If there's one commodity that can puncture the wheels of Donald Trump's trade war juggernaut, it's the rare earths over which China has a brutal monopoly. Interestingly, Trump has exposed his Achilles heel even as he rolled out additional tariffs on Chinese goods worth $200 billion.

The United States did not include rare earth elements in the latest list of goods imported from China that will bear additional levies, according to Reuters.

The agency reported that rare earth metals and their compounds were included in a tariff list prepared by the U.S. Trade Representative (USTR) in July. However, they were omitted from the final list published on Monday.

It's not clear if China would use its rare earths monopoly as a bargaining chip with the US as the trade war worsens. Historically, China's rare earth policy has been a matter of concern for industrialised nations like Japan and the US, as well as for the European Union countries.

It remains to be seen if the Chinese would retaliate and use rare earths as a strategic lever, Dylan Kelly, a resources analyst at brokerage CLSA in Sydney, told Reuters. "... obviously that's where a lot of investors have focused their attention," he said.

China, USA, Donald Trump, Xi Jinping
China's President Xi Jinping (L) and US President Donald Trump attend a working session on the first day of the G20 summit in Hamburg, northern Germany, on July 7, 2017.PATRIK STOLLARZ/AFP/Getty Images

China controls more than 90 percent of the world's rare earth market, making advanced industrialized nations heavily dependent on it for the supply of these essential minerals. Technically viable alternatives to rare earth materials are currently not known. The US has rare earths reserves of more than a million tonnes but mining in the country has virtually stopped over the years over environmental and regulatory issues.

Rare earths are indispensable for high-tech industries and are heavily in demand in defence systems, electric cars, wind generators, hard-disk drives, mobile communication, missile guidance and the like.

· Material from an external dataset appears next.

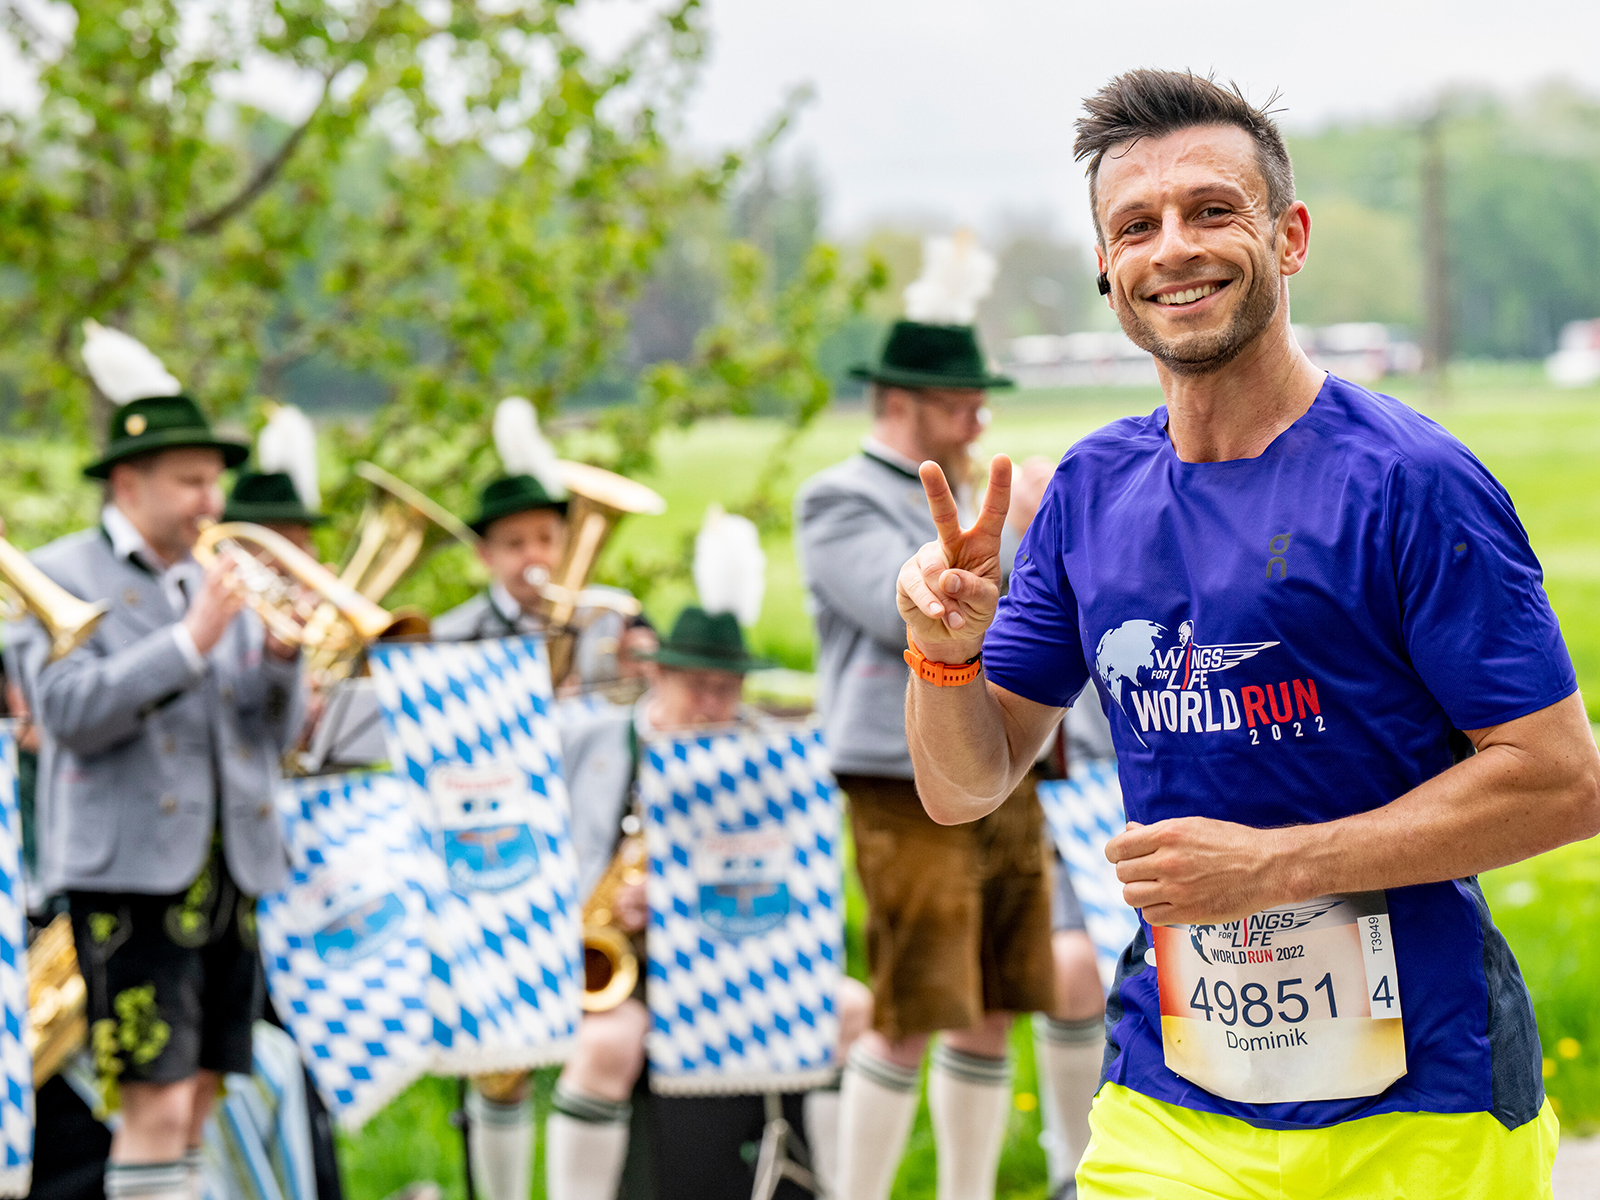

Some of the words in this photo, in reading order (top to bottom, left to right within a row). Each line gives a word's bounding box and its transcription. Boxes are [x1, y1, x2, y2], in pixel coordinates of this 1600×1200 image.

The 17 rare earth elements are lanthanum, cerium, praseodymium, neodymium, promethium, samarium, europium, gadolinium, terbium, dysprosium, holmium, erbium, thulium, ytterbium, lutetium, scandium and yttrium.

The US has been mindful of its vulnerability on the rare earths front. The government last month banned the purchase of rare earth magnets from China for military and defence purposes. The move stemmed from the forethought that any Chinese retaliation on trade front could compromise the US defence interests.